_PROBLEM_
Where the line containing "Some of the words" appears in the records below, begin there and write out each line exactly until the last one, and nothing more.

*** Begin section ***

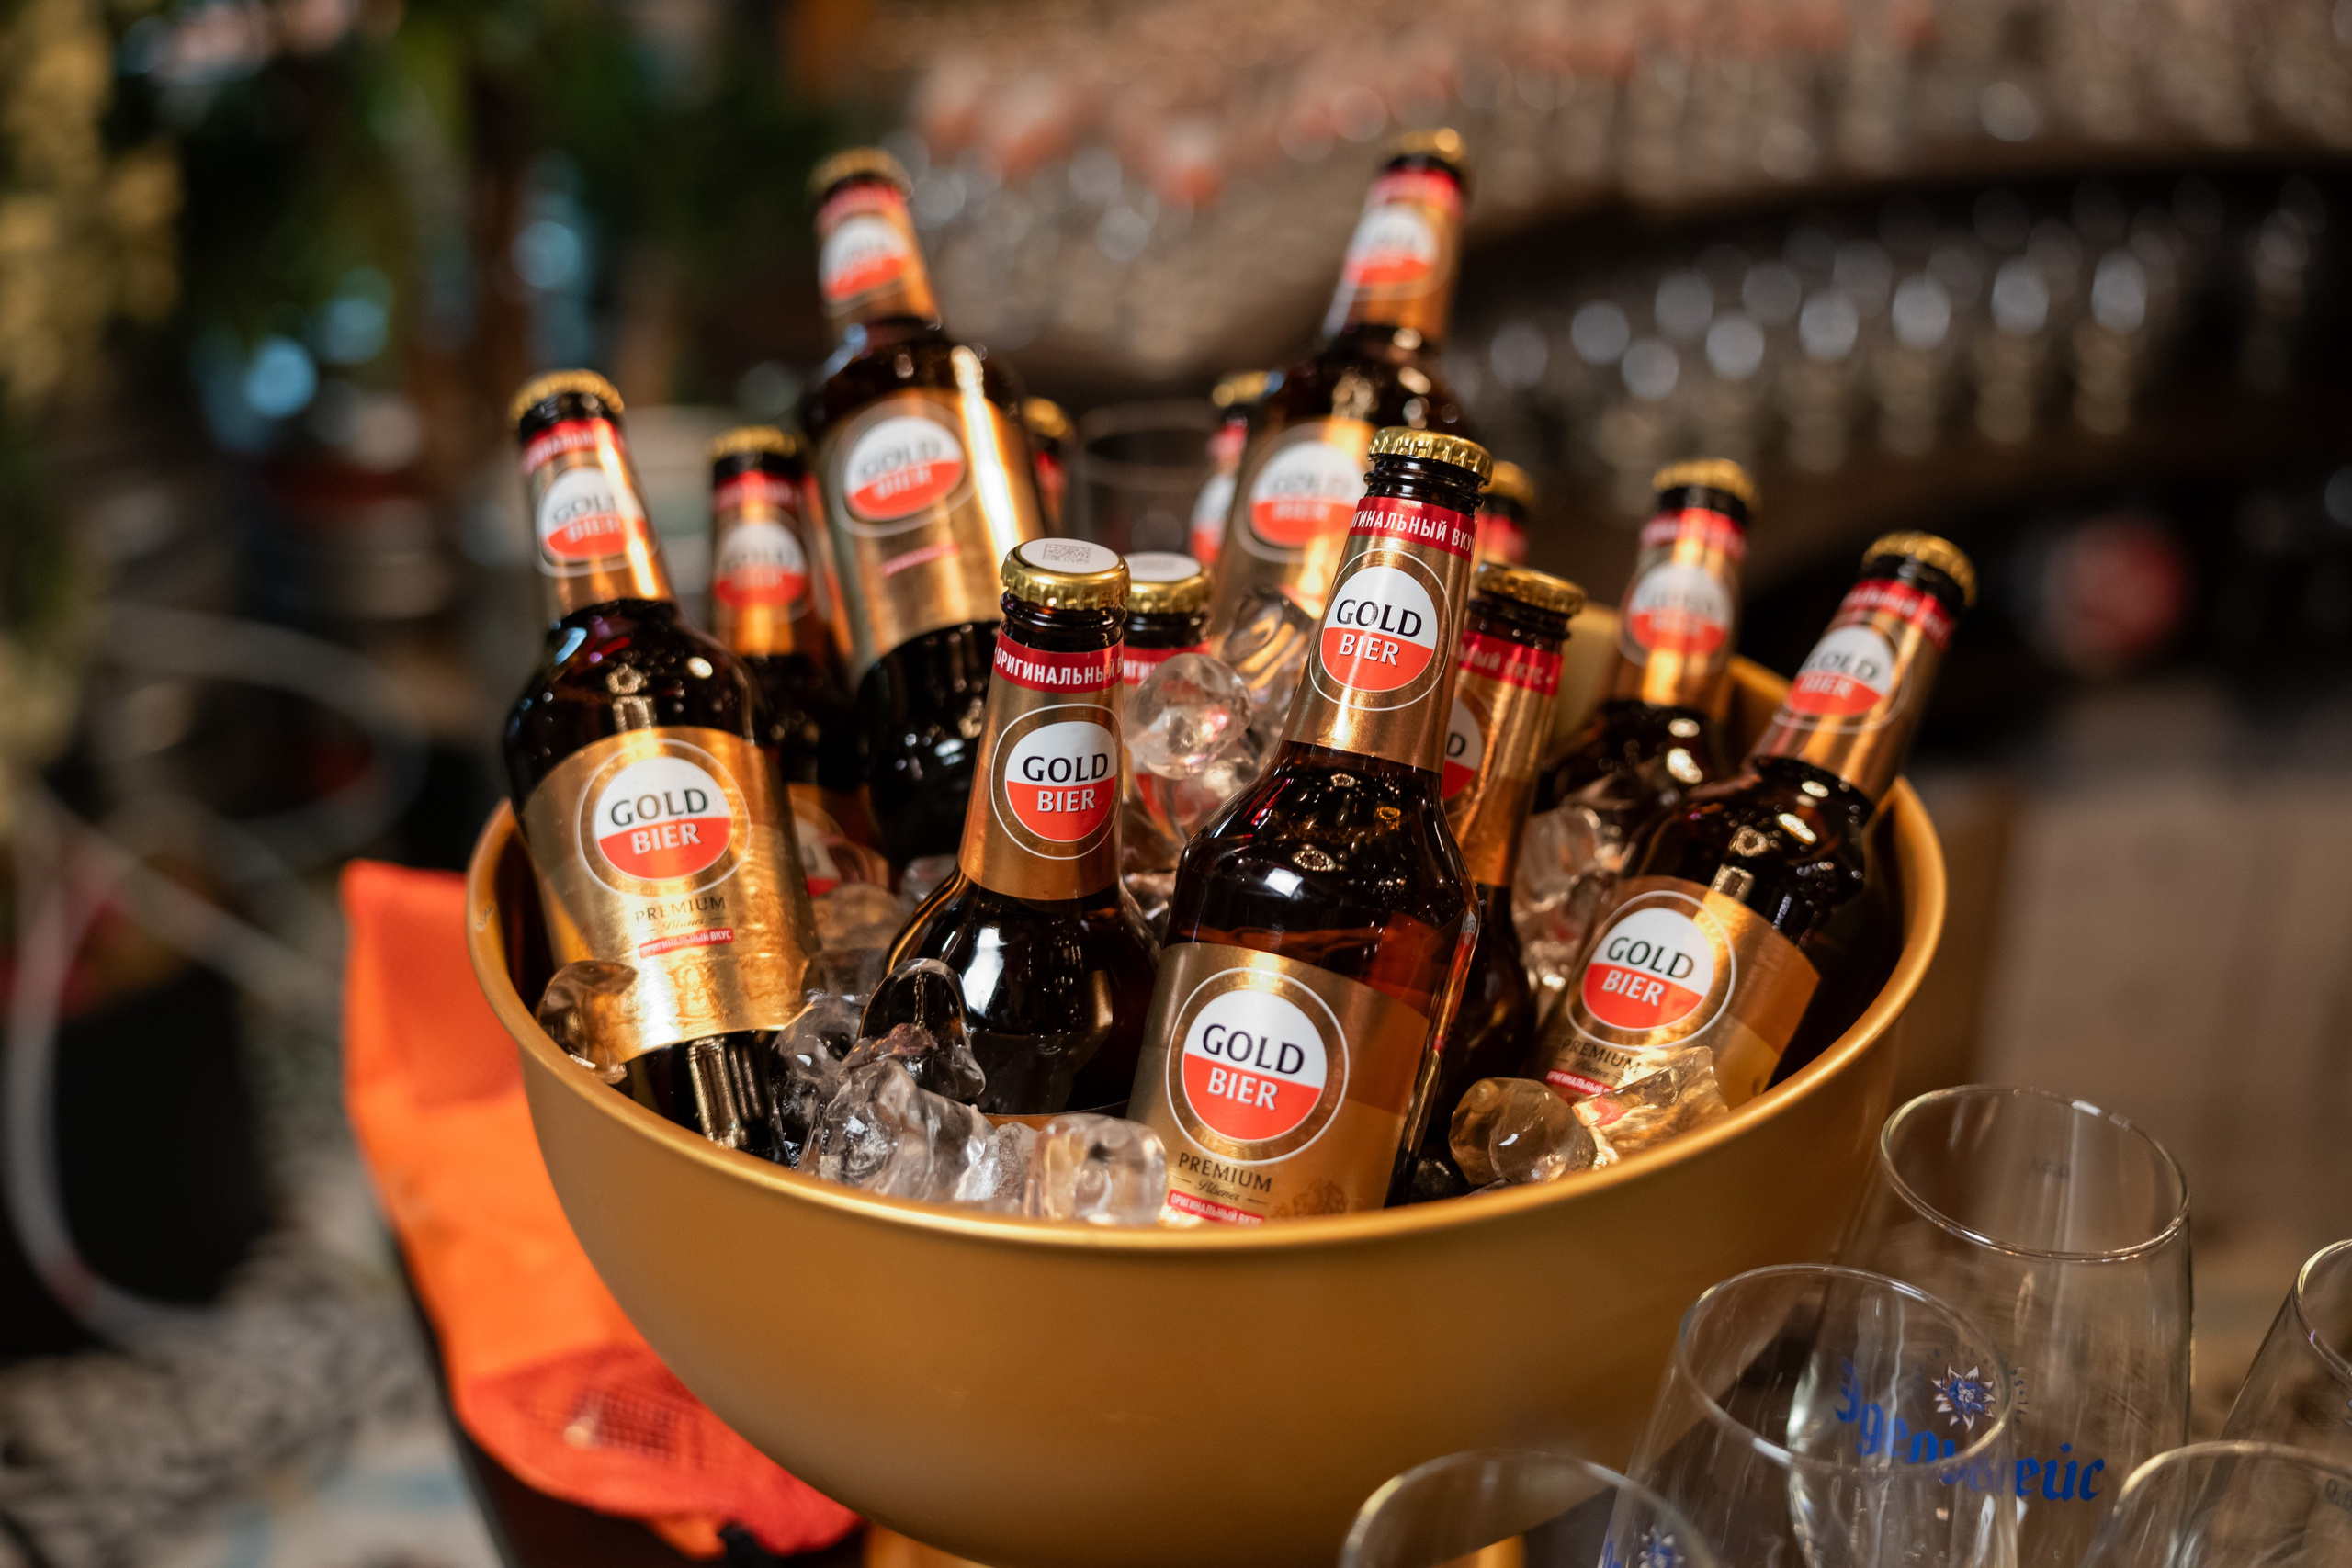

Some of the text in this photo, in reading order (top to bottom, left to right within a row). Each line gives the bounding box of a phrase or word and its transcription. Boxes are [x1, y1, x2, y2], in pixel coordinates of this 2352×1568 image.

[1351, 510, 1447, 542] ИГИНАЛЬНЫЙ
[1336, 598, 1422, 637] GOLD
[996, 647, 1114, 685] ОРИГИНАЛЬНЫЙ
[1339, 633, 1400, 667] BIER
[1023, 752, 1109, 783] GOLD
[610, 788, 709, 827] GOLD
[1037, 788, 1095, 813] BIER
[631, 822, 702, 855] BIER
[635, 897, 726, 923] PREMIUM
[710, 930, 732, 942] ВКУС
[1607, 936, 1694, 979] GOLD
[1601, 969, 1665, 1007] BIER
[1202, 1023, 1305, 1075] GOLD
[1561, 1038, 1641, 1074] PREMIUM
[1207, 1066, 1278, 1111] BIER
[1178, 1152, 1272, 1192] PREMIUM
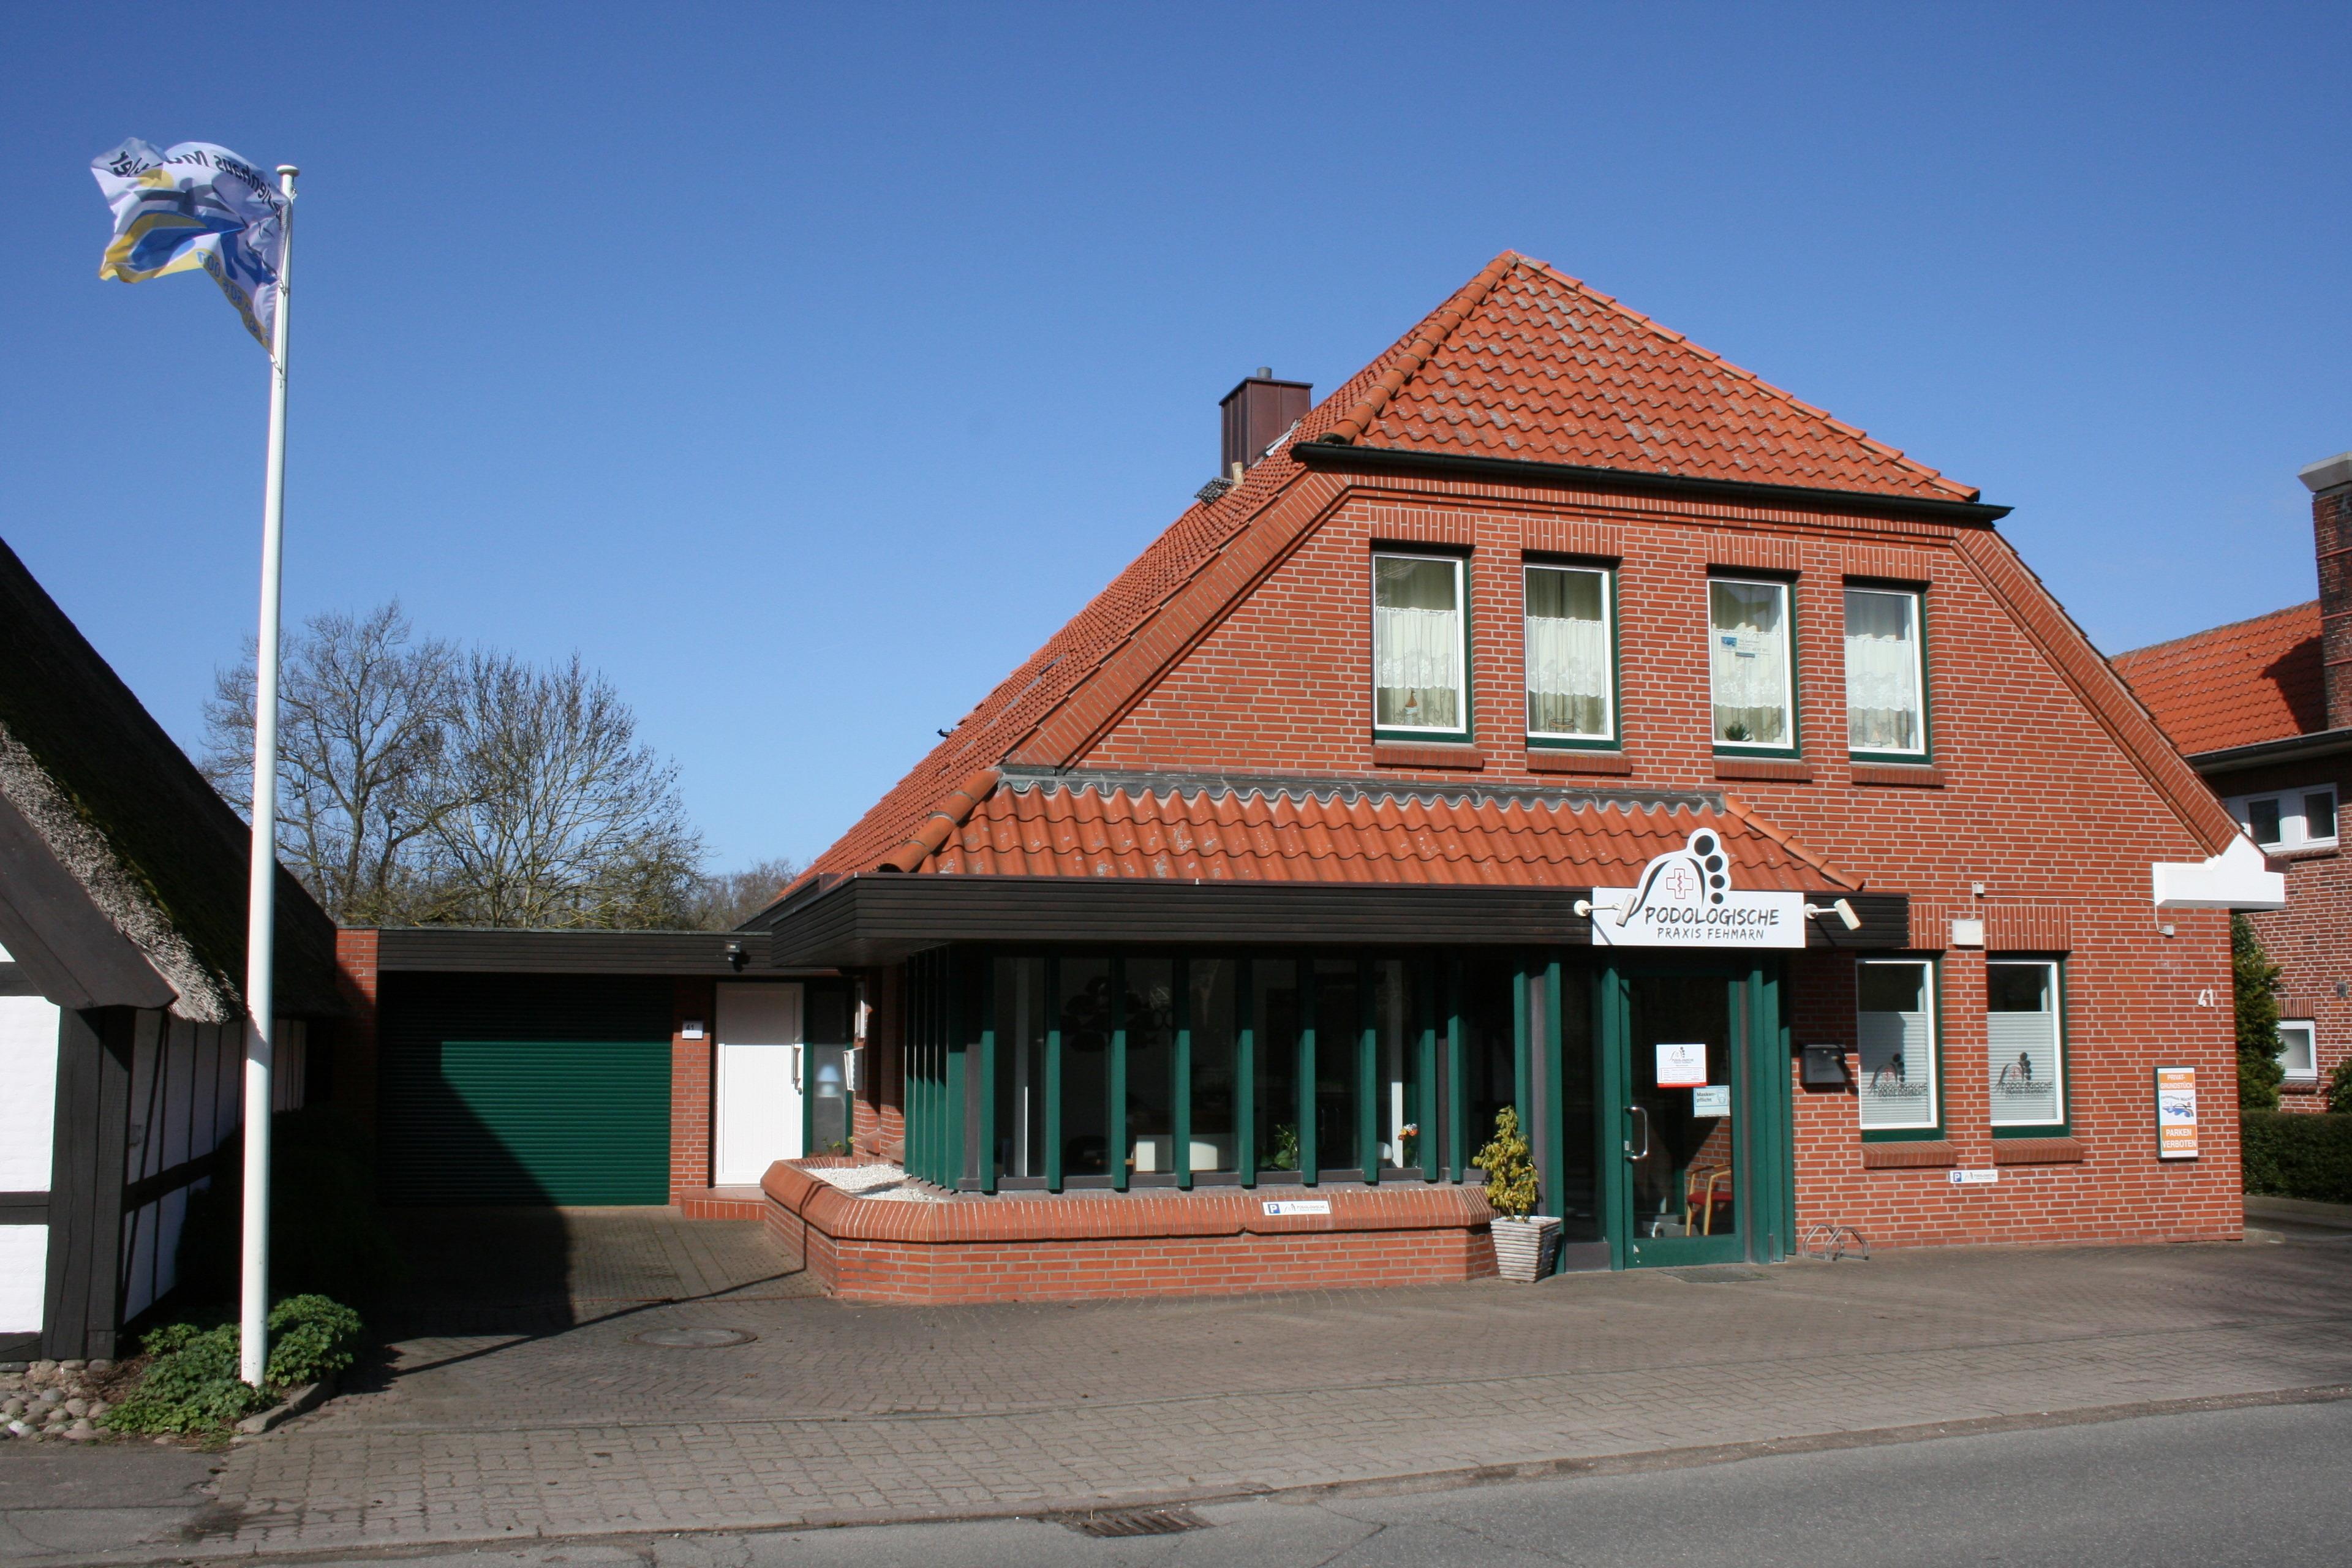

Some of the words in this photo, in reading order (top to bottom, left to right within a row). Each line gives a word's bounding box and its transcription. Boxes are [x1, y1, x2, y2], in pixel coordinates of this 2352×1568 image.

[1645, 906, 1780, 926] PODOLOGISCHE
[1657, 927, 1702, 940] PRAXIS
[1707, 928, 1765, 941] FEHMARN
[2198, 989, 2214, 1007] 41
[2162, 1139, 2196, 1148] VERBOTEN

*** End section ***

_EXERCISE RESPONSE_
Some of the words in this photo, in reading order (top to bottom, left to right within a row). Each line gives a word's bounding box and its transcription. Boxes are [x1, y1, x2, y2], in pixel coordinates of this 2352×1568 image.

[1645, 906, 1780, 926] PODOLOGISCHE
[1657, 927, 1702, 940] PRAXIS
[1707, 928, 1765, 941] FEHMARN
[2198, 989, 2214, 1007] 41
[2162, 1139, 2196, 1148] VERBOTEN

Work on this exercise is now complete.